Final court questioning over espionage charges was unexpectedly delayed today for jailed Australian filmmaker James Ricketson.
Ricketson, 68, said he was “cautiously optimistic” as he disembarked from a prison van at the Phnom Penh Municipal Court on Tuesday morning.
He was expecting a fourth round of questioning from investigating judge Pich Vicheathor before the session was postponed at the last minute.
Ricketson’s lawyer, Peung Yok Hiep, said a new date had yet to be announced and today’s questioning was postponed because the judge had an “urgent meeting”.
Speaking over the heads of other prisoners in a crowded room, Ricketson claimed he had contracted scabies in a crowded cell of 140 detainees and expressed hope that the Australian authorities would do more to help him.
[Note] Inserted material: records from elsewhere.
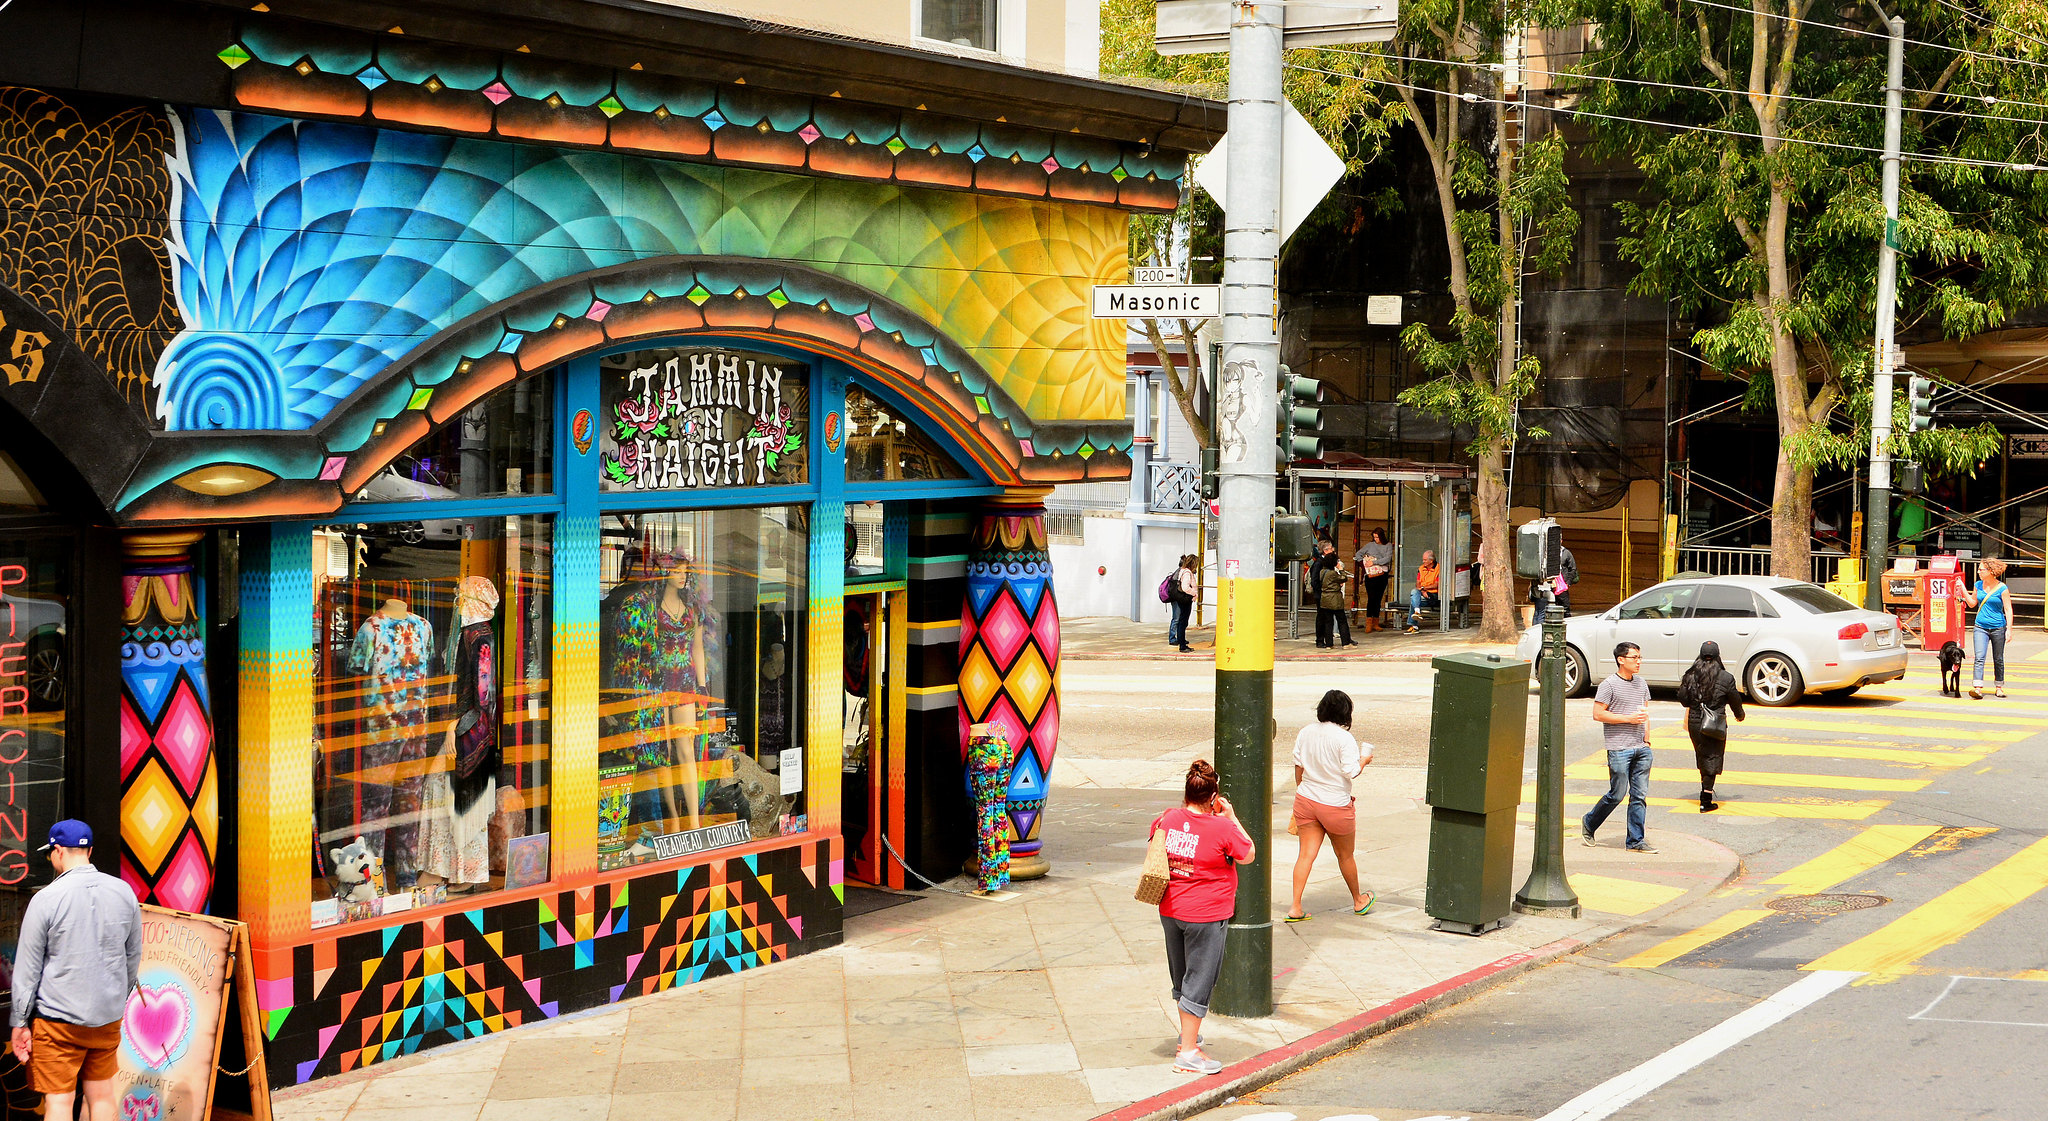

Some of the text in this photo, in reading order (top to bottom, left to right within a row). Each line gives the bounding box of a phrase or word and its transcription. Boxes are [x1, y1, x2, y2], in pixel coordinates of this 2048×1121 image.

[1137, 270, 1164, 282] 1200
[1110, 292, 1200, 310] Masonic
[628, 353, 782, 427] JAMMIN
[635, 435, 774, 488] HAIGHT
[1932, 580, 1945, 595] SF
[0, 564, 29, 885] PIERCING
[659, 823, 746, 857] DEADHEAD COUNTRY
[1167, 828, 1200, 844] FRIENDS
[141, 921, 219, 978] TOO PIERCING
[147, 950, 166, 962] AND
[167, 951, 208, 991] FRIENDLY
[118, 1070, 174, 1092] OPEN LATE
Australian Foreign Minister Julie Bishop has written to her Cambodian counterpart regarding his case.
Ricketson was arrested in June last year after he flew a drone above an opposition party rally. He was charged under Cambodian espionage laws and faces up to 10 years in prison if convicted.
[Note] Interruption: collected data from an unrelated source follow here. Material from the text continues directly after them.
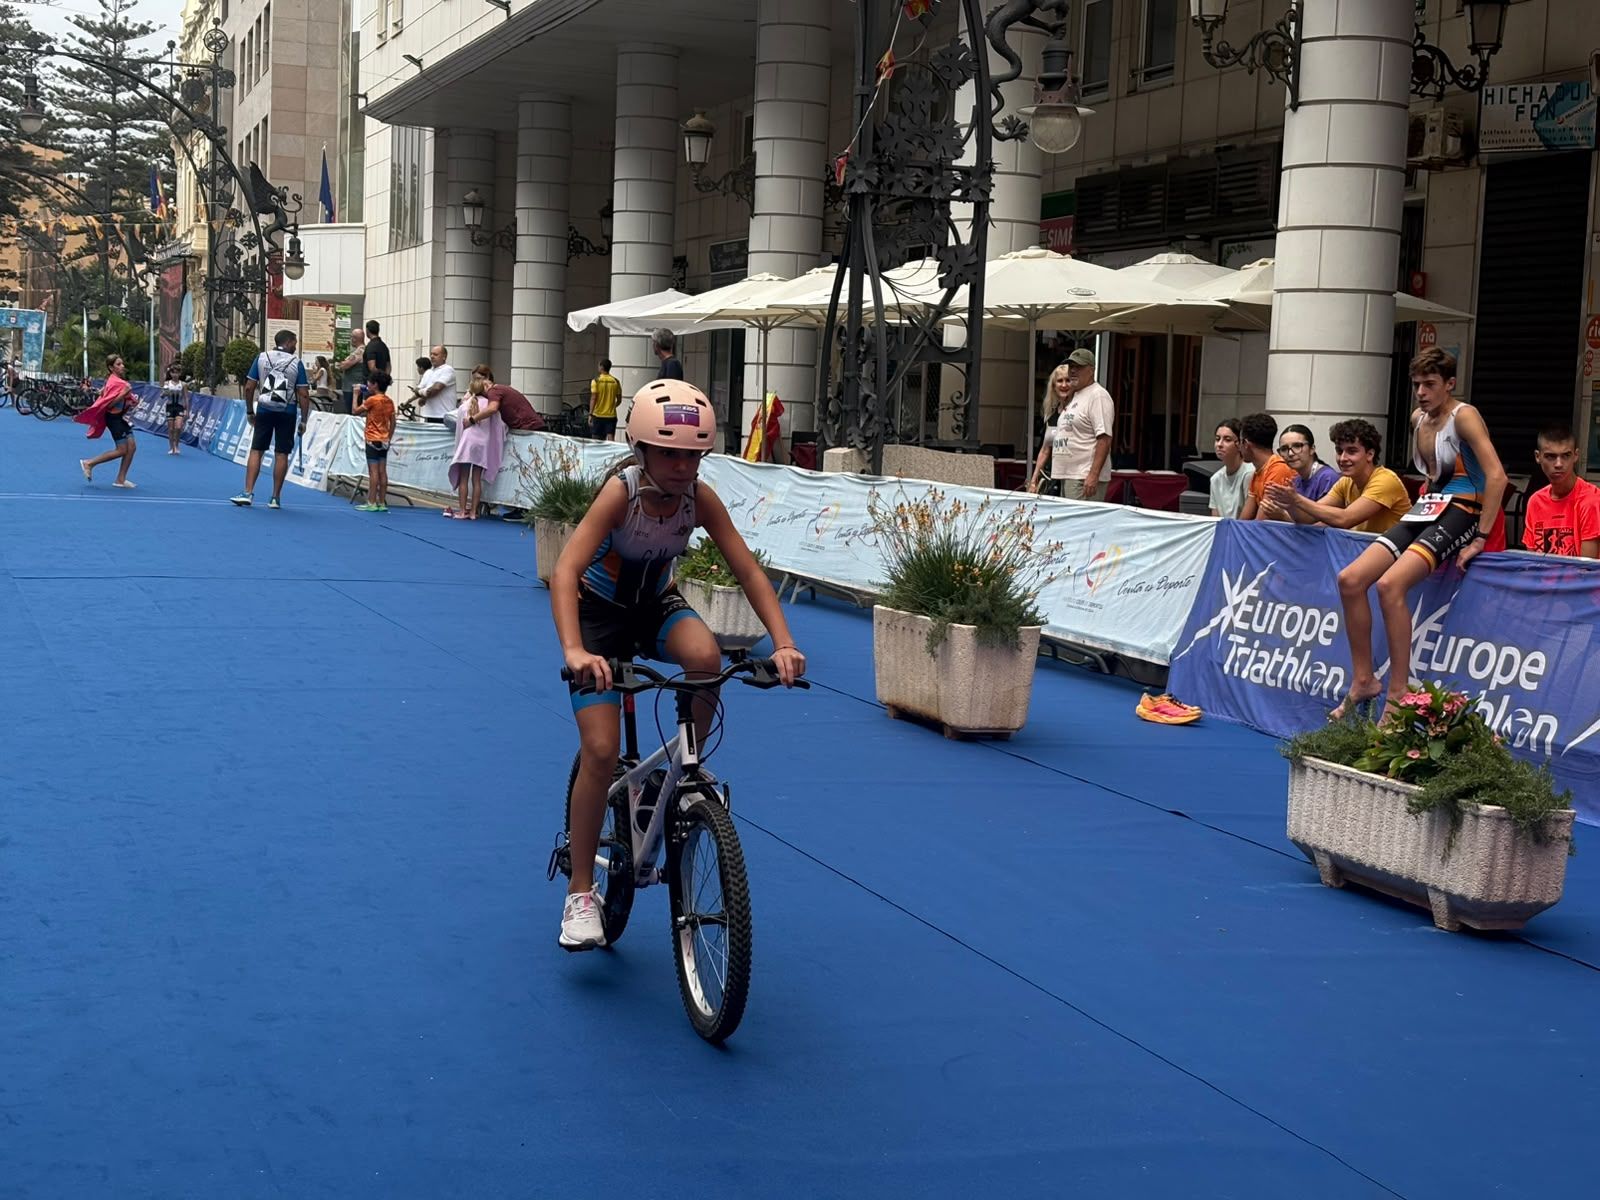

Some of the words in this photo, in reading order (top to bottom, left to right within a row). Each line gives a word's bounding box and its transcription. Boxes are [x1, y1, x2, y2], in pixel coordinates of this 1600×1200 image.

[1515, 103, 1556, 122] FON
[1421, 327, 1435, 343] ria
[1420, 503, 1436, 515] 57
[1117, 579, 1146, 596] Ceuta
[1156, 575, 1196, 598] Deporte
[1234, 588, 1340, 649] Europe
[1223, 633, 1346, 702] Triathlon
[1414, 623, 1547, 691] Europe
He has remained in prison for nearly 9 months without trial and his appeals for bail have been rejected.
Investigators are combing through more than 20 of his emails to foreigners, friends, journalists and former opposition leader Sam Rainsy. Three of those emails, seen by the Post, appear to contain only routine correspondence.
Australia’s national broadcaster, the ABC, reported seeing the contents of a dozen of Ricketson’s emails and said they showed “a strongly worded dislike of Prime Minister Hun Sen and enthusiastic support for the opposition but nothing remotely akin to spying”.
Ricketson has proved a divisive figure during his years in the Kingdom. While he has won praise for his personal charity towards Cambodia’s poor, he had also been embroiled in defamation suits and controversially campaigned for the release of a convicted pedophile whom he believed was innocent.